Açık Bankacılık: Bankacılık Artık Daha Dijital

Açık Bankacılık: Bankacılık Artık Daha Dijital – Gelişen bilgisayar ve internet teknolojileri, yıllar içerisinde klasik bankacılık anlayışında köklü değişikliklerin yaşanmasını sağladı. Bu değişim olağanca hızıyla yaşanmaya devam ediyor. 1990’larda etkileri hissedilen ve 2000’lerden itibaren hız kazanan dijital devrimin belki de en çok etkilediği alanların başında bankacılık ve finansal süreçler geliyor. Banka müşterileri nezdinde, ATM’ler ile başlayan dijitalleşme atağını, sırasıyla internet bankacılığı, mobil bankacılık takip etti.
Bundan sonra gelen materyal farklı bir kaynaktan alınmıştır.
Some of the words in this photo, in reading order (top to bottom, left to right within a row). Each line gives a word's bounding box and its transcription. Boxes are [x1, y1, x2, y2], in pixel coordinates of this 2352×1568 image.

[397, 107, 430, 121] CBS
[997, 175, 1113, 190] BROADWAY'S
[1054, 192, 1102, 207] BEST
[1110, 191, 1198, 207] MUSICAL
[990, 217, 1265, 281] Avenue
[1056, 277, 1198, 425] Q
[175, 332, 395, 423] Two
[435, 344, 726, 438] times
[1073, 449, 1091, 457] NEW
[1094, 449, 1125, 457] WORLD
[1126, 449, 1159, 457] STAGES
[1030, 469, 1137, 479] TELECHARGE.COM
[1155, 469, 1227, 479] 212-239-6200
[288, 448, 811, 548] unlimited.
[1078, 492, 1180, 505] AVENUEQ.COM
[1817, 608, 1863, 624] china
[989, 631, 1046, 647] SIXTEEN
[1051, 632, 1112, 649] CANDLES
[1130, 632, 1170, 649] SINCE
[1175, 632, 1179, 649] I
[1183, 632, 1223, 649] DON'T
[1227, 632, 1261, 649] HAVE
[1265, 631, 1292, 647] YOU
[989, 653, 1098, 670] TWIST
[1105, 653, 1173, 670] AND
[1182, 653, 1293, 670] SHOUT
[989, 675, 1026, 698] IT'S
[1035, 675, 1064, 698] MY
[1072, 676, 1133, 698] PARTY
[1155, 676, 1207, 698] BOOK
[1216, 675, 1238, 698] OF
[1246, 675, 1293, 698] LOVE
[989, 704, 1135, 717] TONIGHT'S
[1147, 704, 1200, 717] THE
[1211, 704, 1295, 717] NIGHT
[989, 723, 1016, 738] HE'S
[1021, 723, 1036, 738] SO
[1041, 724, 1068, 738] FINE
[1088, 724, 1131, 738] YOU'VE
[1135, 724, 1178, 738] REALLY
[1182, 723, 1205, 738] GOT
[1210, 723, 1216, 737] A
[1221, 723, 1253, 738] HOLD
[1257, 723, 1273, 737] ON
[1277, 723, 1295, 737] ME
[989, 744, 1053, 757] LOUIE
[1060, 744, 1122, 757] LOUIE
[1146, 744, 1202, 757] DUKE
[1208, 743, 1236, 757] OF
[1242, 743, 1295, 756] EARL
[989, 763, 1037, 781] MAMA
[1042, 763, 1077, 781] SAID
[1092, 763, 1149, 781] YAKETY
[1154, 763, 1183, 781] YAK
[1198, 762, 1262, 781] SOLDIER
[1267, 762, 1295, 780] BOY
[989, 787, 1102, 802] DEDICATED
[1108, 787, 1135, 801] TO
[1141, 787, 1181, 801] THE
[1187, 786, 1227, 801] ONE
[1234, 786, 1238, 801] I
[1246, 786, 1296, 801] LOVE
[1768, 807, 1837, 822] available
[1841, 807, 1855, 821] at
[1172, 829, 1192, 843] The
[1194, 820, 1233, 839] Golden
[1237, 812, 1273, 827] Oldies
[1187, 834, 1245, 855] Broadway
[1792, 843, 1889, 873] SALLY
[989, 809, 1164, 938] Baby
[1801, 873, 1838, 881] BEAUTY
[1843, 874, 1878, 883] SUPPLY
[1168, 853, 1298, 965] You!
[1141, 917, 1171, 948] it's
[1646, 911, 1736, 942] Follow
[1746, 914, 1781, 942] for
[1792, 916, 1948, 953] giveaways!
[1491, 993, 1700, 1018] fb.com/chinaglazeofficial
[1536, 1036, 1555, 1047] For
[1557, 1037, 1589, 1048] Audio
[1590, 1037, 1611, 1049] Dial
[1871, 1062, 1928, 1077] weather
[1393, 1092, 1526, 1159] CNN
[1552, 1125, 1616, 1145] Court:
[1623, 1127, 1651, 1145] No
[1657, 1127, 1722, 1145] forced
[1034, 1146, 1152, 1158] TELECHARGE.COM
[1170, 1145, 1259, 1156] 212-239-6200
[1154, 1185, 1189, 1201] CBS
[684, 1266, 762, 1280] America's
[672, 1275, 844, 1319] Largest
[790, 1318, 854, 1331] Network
Son yıllarda dünyayla birlikte Türkiye’de, bankacılık sektöründe gündeme gelen teknolojik yeniliğin adı ise Açık Bankacılık.

Açık Bankacılık Nedir?

Açık Bankacılık Nedir?

Açık bankacılık kavramını, bankaların değil; bankacılık işlemlerinin ön planda olduğu, verinin kontrolünün müşterilere geçtiği yeni bir dijital anlayış olarak açıklayabiliriz. Özetle; bankacılık işleminin hangi bankadan gerçekleştirildiğinin önemini yitirdiği bir dönemden bahsediyoruz.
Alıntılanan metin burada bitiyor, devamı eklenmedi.